Please transcribe every record below exactly as it appears.

------------

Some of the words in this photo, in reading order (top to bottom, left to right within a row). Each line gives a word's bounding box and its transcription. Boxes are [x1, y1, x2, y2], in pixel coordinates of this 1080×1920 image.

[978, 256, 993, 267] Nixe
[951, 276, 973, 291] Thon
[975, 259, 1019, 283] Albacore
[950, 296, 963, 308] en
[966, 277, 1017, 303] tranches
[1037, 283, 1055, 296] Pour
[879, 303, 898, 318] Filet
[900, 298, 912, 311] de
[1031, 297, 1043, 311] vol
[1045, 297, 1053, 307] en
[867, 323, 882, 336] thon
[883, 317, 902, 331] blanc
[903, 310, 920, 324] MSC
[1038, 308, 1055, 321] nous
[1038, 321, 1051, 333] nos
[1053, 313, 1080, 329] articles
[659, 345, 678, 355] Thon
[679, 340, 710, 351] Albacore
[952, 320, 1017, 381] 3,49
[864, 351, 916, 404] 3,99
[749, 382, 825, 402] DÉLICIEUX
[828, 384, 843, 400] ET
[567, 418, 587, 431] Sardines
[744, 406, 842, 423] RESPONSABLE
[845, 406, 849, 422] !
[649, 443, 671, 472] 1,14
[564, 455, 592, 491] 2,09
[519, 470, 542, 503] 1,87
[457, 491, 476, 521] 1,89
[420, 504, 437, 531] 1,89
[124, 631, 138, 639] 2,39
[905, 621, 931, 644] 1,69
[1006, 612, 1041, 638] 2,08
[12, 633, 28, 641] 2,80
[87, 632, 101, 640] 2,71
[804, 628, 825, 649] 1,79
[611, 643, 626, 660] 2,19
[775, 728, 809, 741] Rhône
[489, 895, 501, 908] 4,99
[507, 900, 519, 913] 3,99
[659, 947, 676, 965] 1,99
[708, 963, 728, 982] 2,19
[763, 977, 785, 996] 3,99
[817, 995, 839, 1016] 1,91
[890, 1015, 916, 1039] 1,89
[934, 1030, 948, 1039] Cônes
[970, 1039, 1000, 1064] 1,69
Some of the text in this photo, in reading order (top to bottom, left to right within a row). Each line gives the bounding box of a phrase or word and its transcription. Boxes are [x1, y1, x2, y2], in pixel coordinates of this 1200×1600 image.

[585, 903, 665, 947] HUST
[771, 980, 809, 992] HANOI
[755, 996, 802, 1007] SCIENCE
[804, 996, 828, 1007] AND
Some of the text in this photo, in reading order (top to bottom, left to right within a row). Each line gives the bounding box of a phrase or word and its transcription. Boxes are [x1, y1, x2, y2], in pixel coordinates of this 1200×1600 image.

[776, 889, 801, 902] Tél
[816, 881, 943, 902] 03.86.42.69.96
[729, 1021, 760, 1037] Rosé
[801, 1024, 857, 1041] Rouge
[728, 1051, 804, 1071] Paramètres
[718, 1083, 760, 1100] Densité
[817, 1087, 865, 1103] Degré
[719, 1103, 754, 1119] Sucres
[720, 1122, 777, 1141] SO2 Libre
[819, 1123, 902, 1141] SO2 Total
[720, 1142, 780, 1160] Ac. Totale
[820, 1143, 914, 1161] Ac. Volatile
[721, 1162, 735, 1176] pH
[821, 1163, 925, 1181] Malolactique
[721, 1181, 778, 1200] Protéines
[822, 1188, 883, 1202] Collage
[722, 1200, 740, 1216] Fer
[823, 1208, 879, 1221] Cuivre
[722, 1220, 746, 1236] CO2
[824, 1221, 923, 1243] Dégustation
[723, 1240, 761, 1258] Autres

------------

▶ _Answer space_:
Some of the words in this photo, in reading order (top to bottom, left to right within a row). Each line gives a word's bounding box and its transcription. Boxes are [x1, y1, x2, y2], in pixel coordinates of this 1080×1920 image.

[978, 256, 993, 267] Nixe
[951, 276, 973, 291] Thon
[975, 259, 1019, 283] Albacore
[950, 296, 963, 308] en
[966, 277, 1017, 303] tranches
[1037, 283, 1055, 296] Pour
[879, 303, 898, 318] Filet
[900, 298, 912, 311] de
[1031, 297, 1043, 311] vol
[1045, 297, 1053, 307] en
[867, 323, 882, 336] thon
[883, 317, 902, 331] blanc
[903, 310, 920, 324] MSC
[1038, 308, 1055, 321] nous
[1038, 321, 1051, 333] nos
[1053, 313, 1080, 329] articles
[659, 345, 678, 355] Thon
[679, 340, 710, 351] Albacore
[952, 320, 1017, 381] 3,49
[864, 351, 916, 404] 3,99
[749, 382, 825, 402] DÉLICIEUX
[828, 384, 843, 400] ET
[567, 418, 587, 431] Sardines
[744, 406, 842, 423] RESPONSABLE
[845, 406, 849, 422] !
[649, 443, 671, 472] 1,14
[564, 455, 592, 491] 2,09
[519, 470, 542, 503] 1,87
[457, 491, 476, 521] 1,89
[420, 504, 437, 531] 1,89
[124, 631, 138, 639] 2,39
[905, 621, 931, 644] 1,69
[1006, 612, 1041, 638] 2,08
[12, 633, 28, 641] 2,80
[87, 632, 101, 640] 2,71
[804, 628, 825, 649] 1,79
[611, 643, 626, 660] 2,19
[775, 728, 809, 741] Rhône
[489, 895, 501, 908] 4,99
[507, 900, 519, 913] 3,99
[659, 947, 676, 965] 1,99
[708, 963, 728, 982] 2,19
[763, 977, 785, 996] 3,99
[817, 995, 839, 1016] 1,91
[890, 1015, 916, 1039] 1,89
[934, 1030, 948, 1039] Cônes
[970, 1039, 1000, 1064] 1,69
Some of the text in this photo, in reading order (top to bottom, left to right within a row). Each line gives the bounding box of a phrase or word and its transcription. Boxes are [x1, y1, x2, y2], in pixel coordinates of this 1200×1600 image.

[585, 903, 665, 947] HUST
[771, 980, 809, 992] HANOI
[755, 996, 802, 1007] SCIENCE
[804, 996, 828, 1007] AND
Some of the text in this photo, in reading order (top to bottom, left to right within a row). Each line gives the bounding box of a phrase or word and its transcription. Boxes are [x1, y1, x2, y2], in pixel coordinates of this 1200×1600 image.

[776, 889, 801, 902] Tél
[816, 881, 943, 902] 03.86.42.69.96
[729, 1021, 760, 1037] Rosé
[801, 1024, 857, 1041] Rouge
[728, 1051, 804, 1071] Paramètres
[718, 1083, 760, 1100] Densité
[817, 1087, 865, 1103] Degré
[719, 1103, 754, 1119] Sucres
[720, 1122, 777, 1141] SO2 Libre
[819, 1123, 902, 1141] SO2 Total
[720, 1142, 780, 1160] Ac. Totale
[820, 1143, 914, 1161] Ac. Volatile
[721, 1162, 735, 1176] pH
[821, 1163, 925, 1181] Malolactique
[721, 1181, 778, 1200] Protéines
[822, 1188, 883, 1202] Collage
[722, 1200, 740, 1216] Fer
[823, 1208, 879, 1221] Cuivre
[722, 1220, 746, 1236] CO2
[824, 1221, 923, 1243] Dégustation
[723, 1240, 761, 1258] Autres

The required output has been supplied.